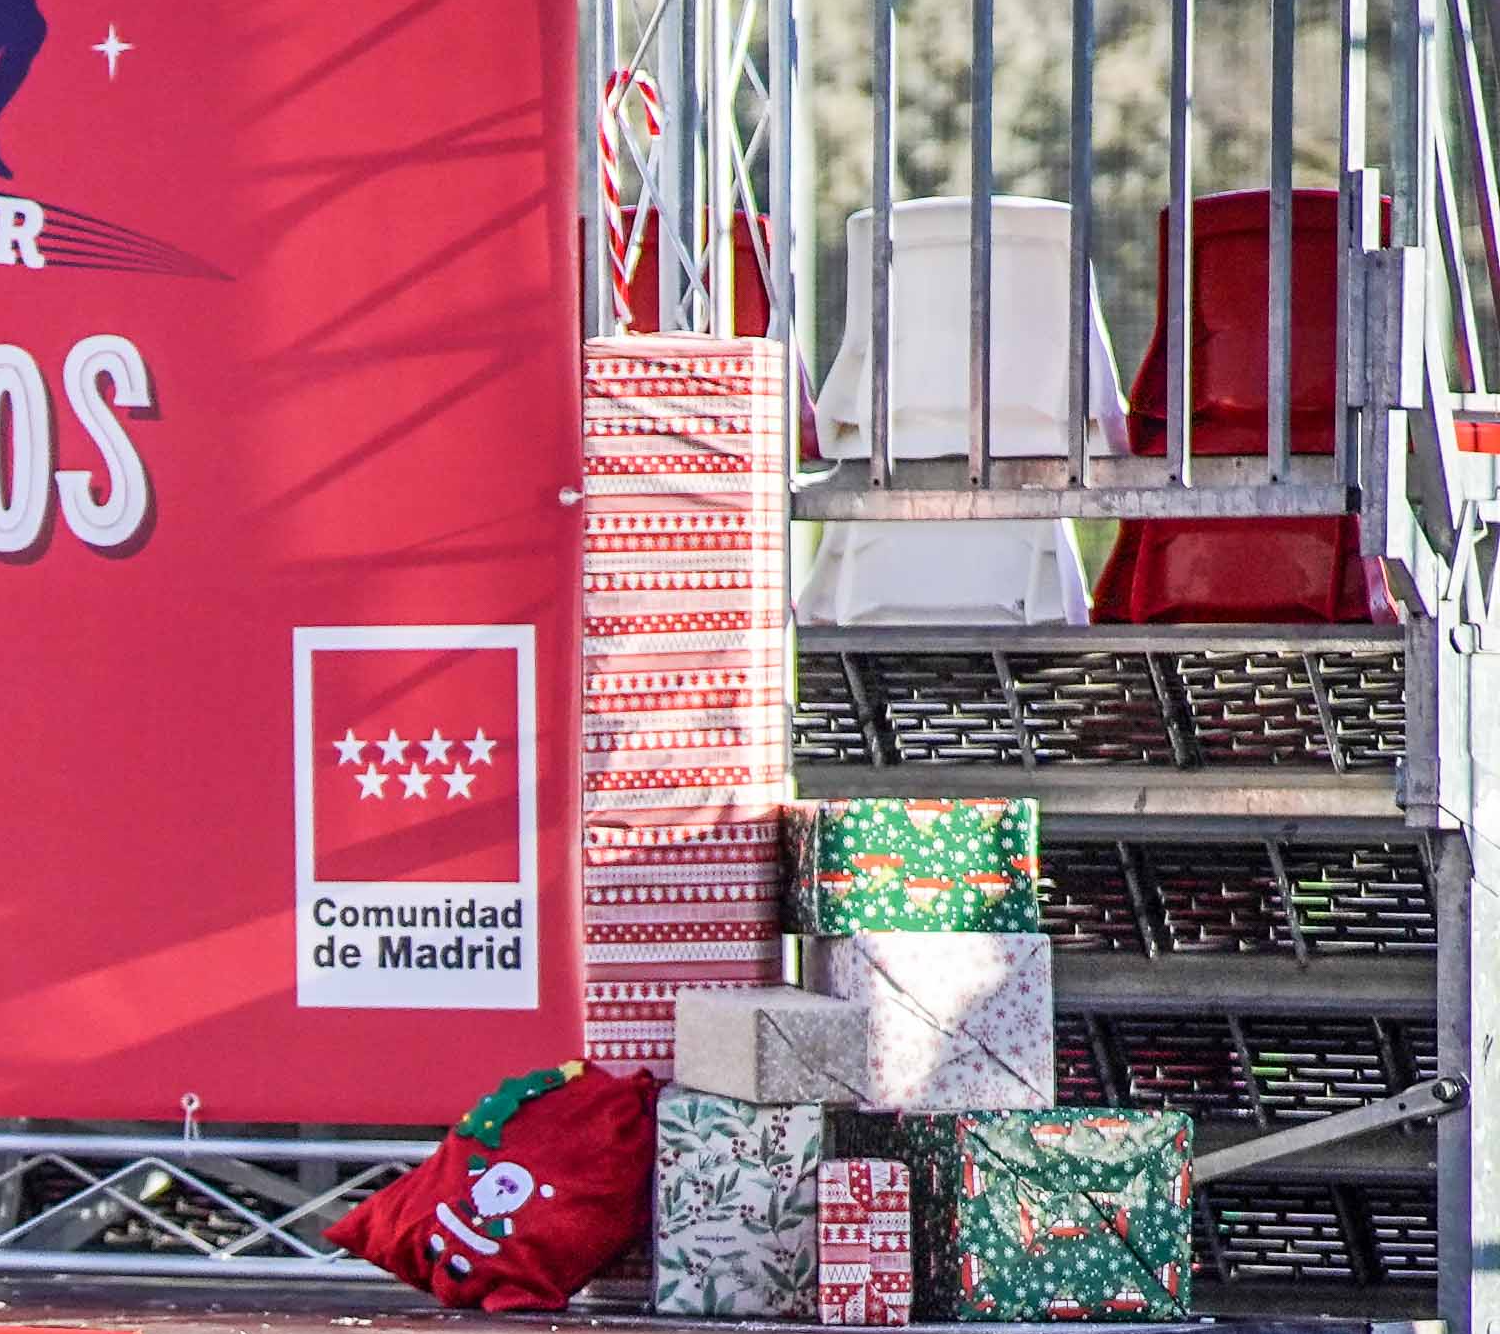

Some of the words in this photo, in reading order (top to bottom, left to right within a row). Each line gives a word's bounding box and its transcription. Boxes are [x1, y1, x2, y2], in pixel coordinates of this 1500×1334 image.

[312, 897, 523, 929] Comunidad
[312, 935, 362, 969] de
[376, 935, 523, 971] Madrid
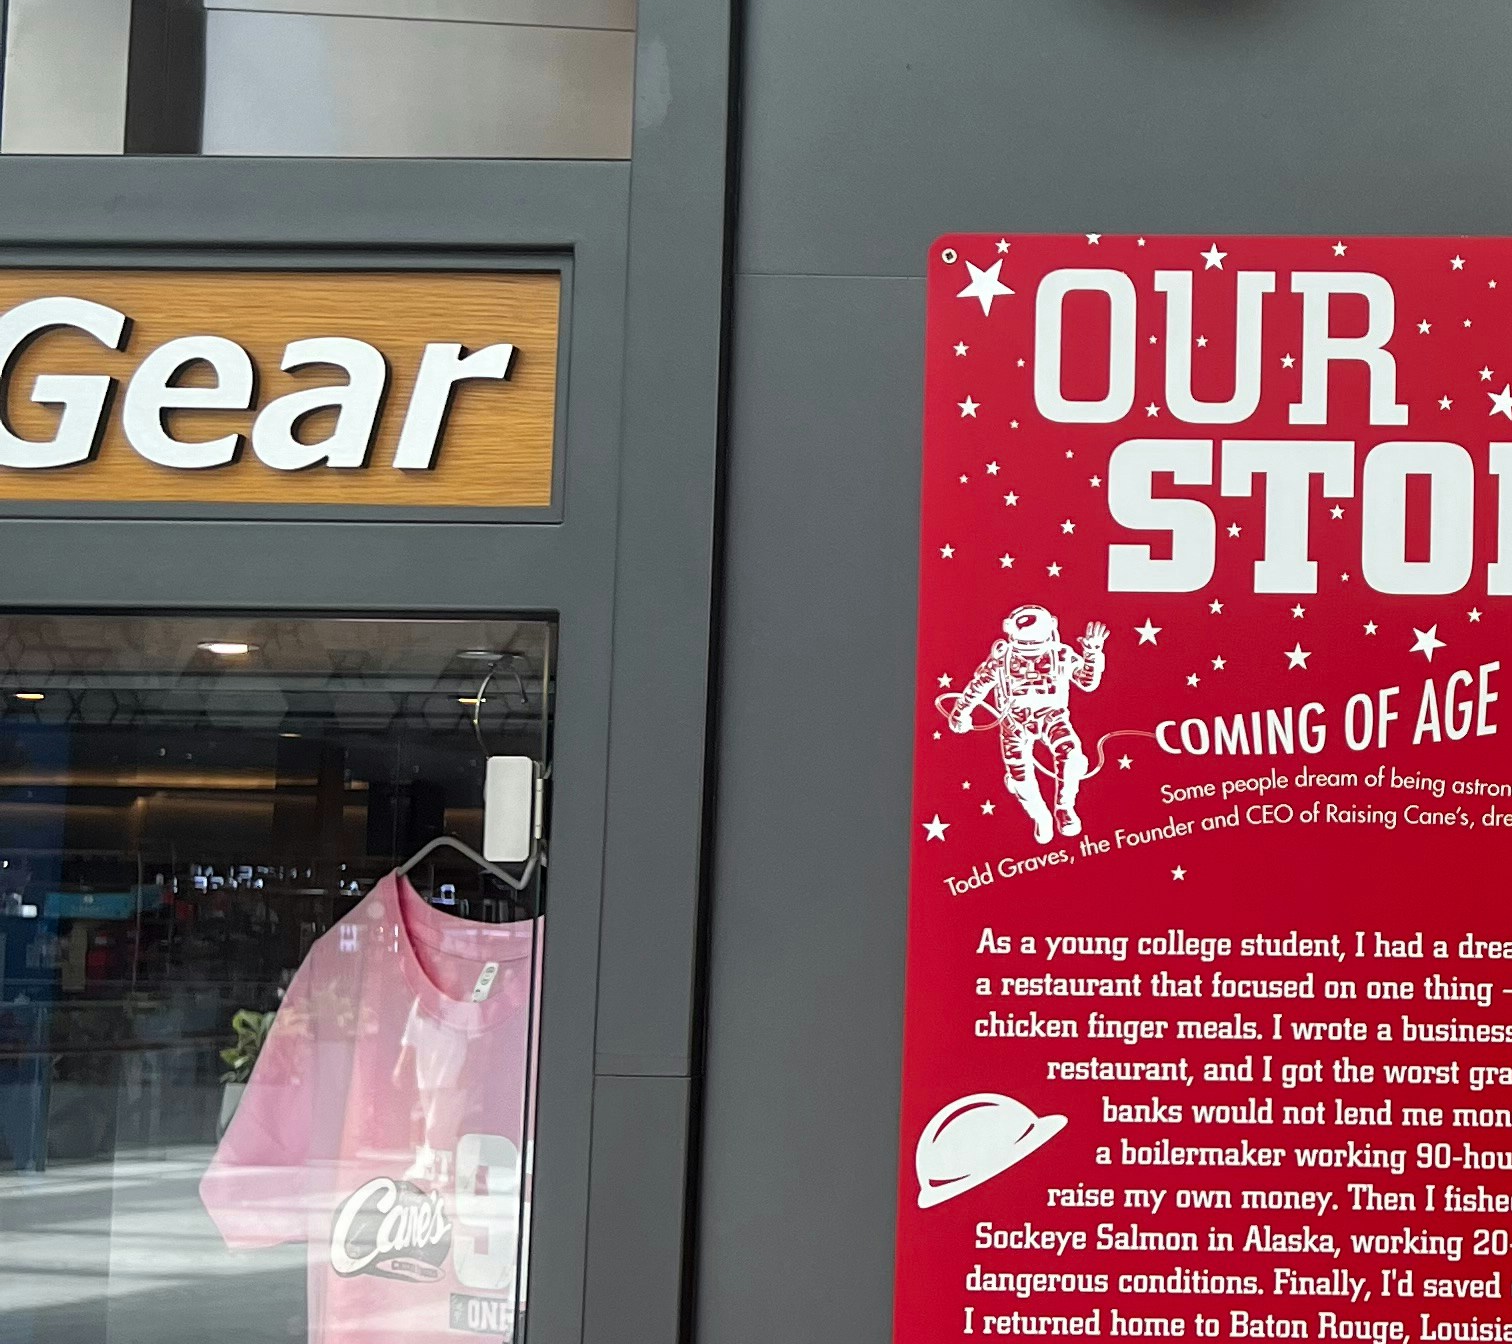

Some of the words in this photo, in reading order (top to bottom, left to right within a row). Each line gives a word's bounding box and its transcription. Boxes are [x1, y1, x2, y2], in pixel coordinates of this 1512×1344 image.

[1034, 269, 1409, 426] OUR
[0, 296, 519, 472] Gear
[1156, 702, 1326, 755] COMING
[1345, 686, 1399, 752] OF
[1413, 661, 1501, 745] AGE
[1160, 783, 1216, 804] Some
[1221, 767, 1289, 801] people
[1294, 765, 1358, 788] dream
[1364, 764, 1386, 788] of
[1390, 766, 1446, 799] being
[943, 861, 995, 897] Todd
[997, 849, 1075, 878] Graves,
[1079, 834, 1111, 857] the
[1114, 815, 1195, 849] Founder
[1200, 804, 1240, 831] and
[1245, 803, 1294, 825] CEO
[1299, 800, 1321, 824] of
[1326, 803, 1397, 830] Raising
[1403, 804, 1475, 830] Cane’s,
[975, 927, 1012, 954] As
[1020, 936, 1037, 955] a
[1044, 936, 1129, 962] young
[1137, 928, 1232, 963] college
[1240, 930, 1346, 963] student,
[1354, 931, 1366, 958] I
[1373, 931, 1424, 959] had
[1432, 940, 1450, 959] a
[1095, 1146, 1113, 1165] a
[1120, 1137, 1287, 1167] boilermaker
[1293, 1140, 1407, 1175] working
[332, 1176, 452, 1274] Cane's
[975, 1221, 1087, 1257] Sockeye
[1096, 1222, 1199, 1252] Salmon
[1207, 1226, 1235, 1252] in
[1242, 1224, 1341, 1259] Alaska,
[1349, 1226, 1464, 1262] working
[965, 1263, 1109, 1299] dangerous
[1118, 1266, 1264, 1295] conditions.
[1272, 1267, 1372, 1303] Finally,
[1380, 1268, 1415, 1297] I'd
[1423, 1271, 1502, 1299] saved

» WHAT YOU HAVE TO DO: Retype the data exactly as it stands, but keep the images out of your copy.

» ANSWER AREA:
Some of the words in this photo, in reading order (top to bottom, left to right within a row). Each line gives a word's bounding box and its transcription. Boxes are [x1, y1, x2, y2], in pixel coordinates of this 1500×1334 image.

[312, 897, 523, 929] Comunidad
[312, 935, 362, 969] de
[376, 935, 523, 971] Madrid

Some of the words in this photo, in reading order (top to bottom, left to right within a row). Each line gives a word's bounding box and its transcription. Boxes are [x1, y1, x2, y2], in pixel coordinates of this 1512×1344 image.

[1034, 269, 1409, 426] OUR
[0, 296, 519, 472] Gear
[1156, 702, 1326, 755] COMING
[1345, 686, 1399, 752] OF
[1413, 661, 1501, 745] AGE
[1160, 783, 1216, 804] Some
[1221, 767, 1289, 801] people
[1294, 765, 1358, 788] dream
[1364, 764, 1386, 788] of
[1390, 766, 1446, 799] being
[943, 861, 995, 897] Todd
[997, 849, 1075, 878] Graves,
[1079, 834, 1111, 857] the
[1114, 815, 1195, 849] Founder
[1200, 804, 1240, 831] and
[1245, 803, 1294, 825] CEO
[1299, 800, 1321, 824] of
[1326, 803, 1397, 830] Raising
[1403, 804, 1475, 830] Cane’s,
[975, 927, 1012, 954] As
[1020, 936, 1037, 955] a
[1044, 936, 1129, 962] young
[1137, 928, 1232, 963] college
[1240, 930, 1346, 963] student,
[1354, 931, 1366, 958] I
[1373, 931, 1424, 959] had
[1432, 940, 1450, 959] a
[1095, 1146, 1113, 1165] a
[1120, 1137, 1287, 1167] boilermaker
[1293, 1140, 1407, 1175] working
[332, 1176, 452, 1274] Cane's
[975, 1221, 1087, 1257] Sockeye
[1096, 1222, 1199, 1252] Salmon
[1207, 1226, 1235, 1252] in
[1242, 1224, 1341, 1259] Alaska,
[1349, 1226, 1464, 1262] working
[965, 1263, 1109, 1299] dangerous
[1118, 1266, 1264, 1295] conditions.
[1272, 1267, 1372, 1303] Finally,
[1380, 1268, 1415, 1297] I'd
[1423, 1271, 1502, 1299] saved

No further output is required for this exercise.